Data for analysis -
----
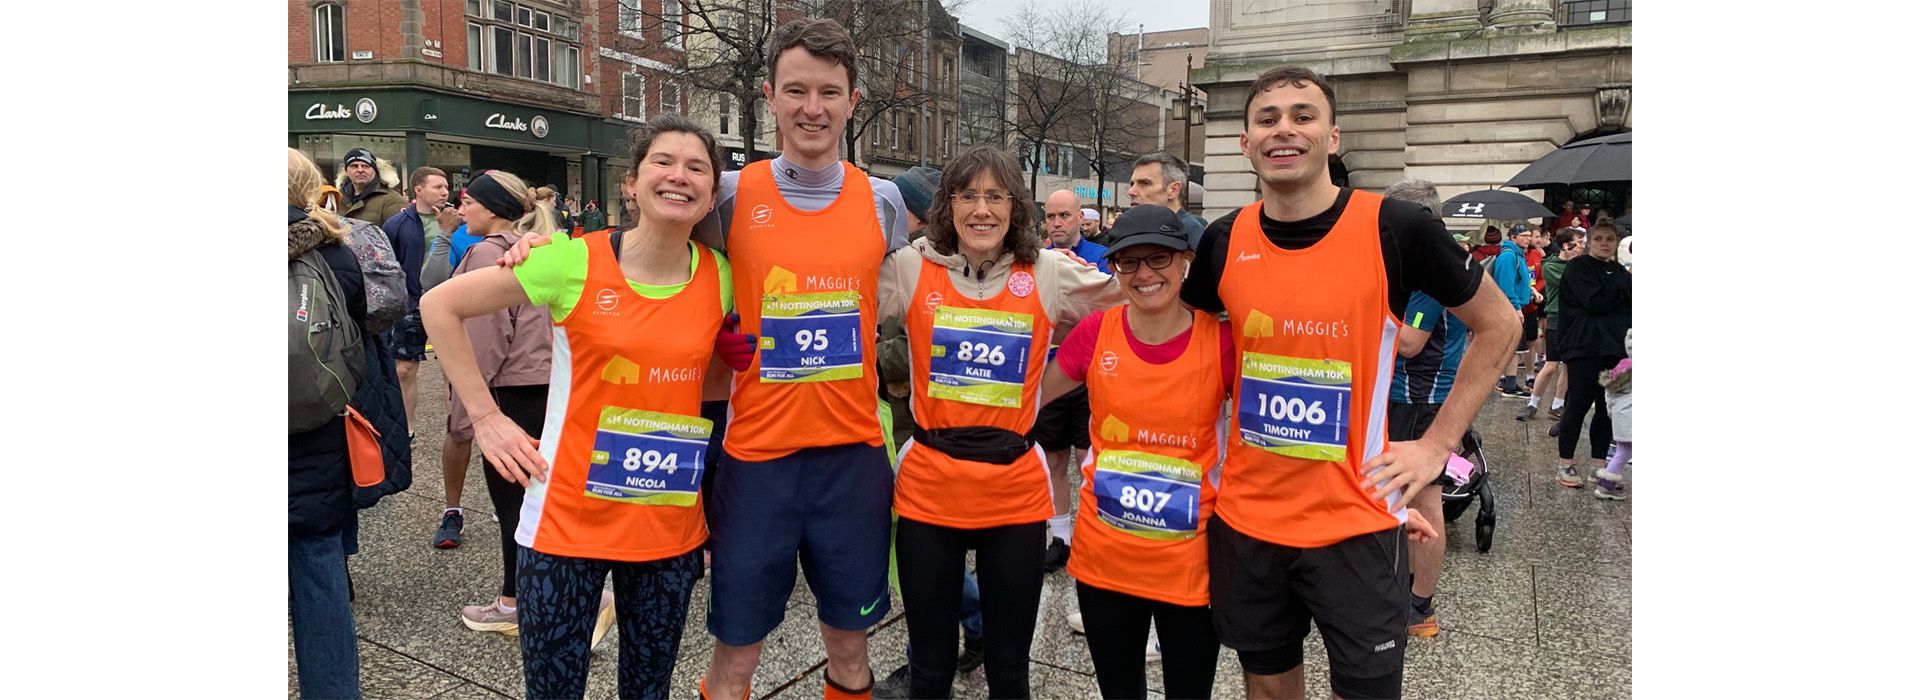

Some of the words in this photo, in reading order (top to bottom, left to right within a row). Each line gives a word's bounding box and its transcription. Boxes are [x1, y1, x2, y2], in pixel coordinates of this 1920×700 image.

[305, 103, 351, 119] Clarks
[485, 113, 527, 131] Clarks
[732, 152, 745, 162] RUS
[1074, 185, 1112, 200] PRIMRK
[806, 274, 860, 291] MAGGIE'S
[780, 301, 839, 310] NOTTINGHAM
[839, 299, 855, 307] 10K
[954, 315, 1012, 328] NOTTINGHAM
[1283, 319, 1349, 338] MAGGIE'S
[795, 329, 828, 351] 95
[801, 356, 826, 366] NICK
[957, 341, 1006, 366] 826
[965, 366, 992, 378] KATIE
[1259, 363, 1324, 378] NOTTINGHAM
[1325, 370, 1344, 379] 10K
[1258, 393, 1326, 425] 1006
[623, 416, 689, 433] NOTTINGHAM
[689, 425, 706, 434] 10K
[1263, 423, 1311, 440] TIMOTHY
[1137, 430, 1197, 448] MAGGIE'S
[623, 448, 677, 475] 894
[1117, 456, 1181, 475] NOTTINGHAM
[1180, 466, 1197, 478] 10K
[626, 476, 666, 489] NICOLA
[1120, 486, 1172, 513] 807
[1122, 511, 1167, 527] JOANNA
----
An exact copy of the entries, without any pictures, is what the answer should be.

Some of the words in this photo, in reading order (top to bottom, left to right within a row). Each line gives a word's bounding box and its transcription. Boxes are [x1, y1, x2, y2], in pixel coordinates of this 1920×700 image.

[305, 103, 351, 119] Clarks
[485, 113, 527, 131] Clarks
[732, 152, 745, 162] RUS
[1074, 185, 1112, 200] PRIMRK
[806, 274, 860, 291] MAGGIE'S
[780, 301, 839, 310] NOTTINGHAM
[839, 299, 855, 307] 10K
[954, 315, 1012, 328] NOTTINGHAM
[1283, 319, 1349, 338] MAGGIE'S
[795, 329, 828, 351] 95
[801, 356, 826, 366] NICK
[957, 341, 1006, 366] 826
[965, 366, 992, 378] KATIE
[1259, 363, 1324, 378] NOTTINGHAM
[1325, 370, 1344, 379] 10K
[1258, 393, 1326, 425] 1006
[623, 416, 689, 433] NOTTINGHAM
[689, 425, 706, 434] 10K
[1263, 423, 1311, 440] TIMOTHY
[1137, 430, 1197, 448] MAGGIE'S
[623, 448, 677, 475] 894
[1117, 456, 1181, 475] NOTTINGHAM
[1180, 466, 1197, 478] 10K
[626, 476, 666, 489] NICOLA
[1120, 486, 1172, 513] 807
[1122, 511, 1167, 527] JOANNA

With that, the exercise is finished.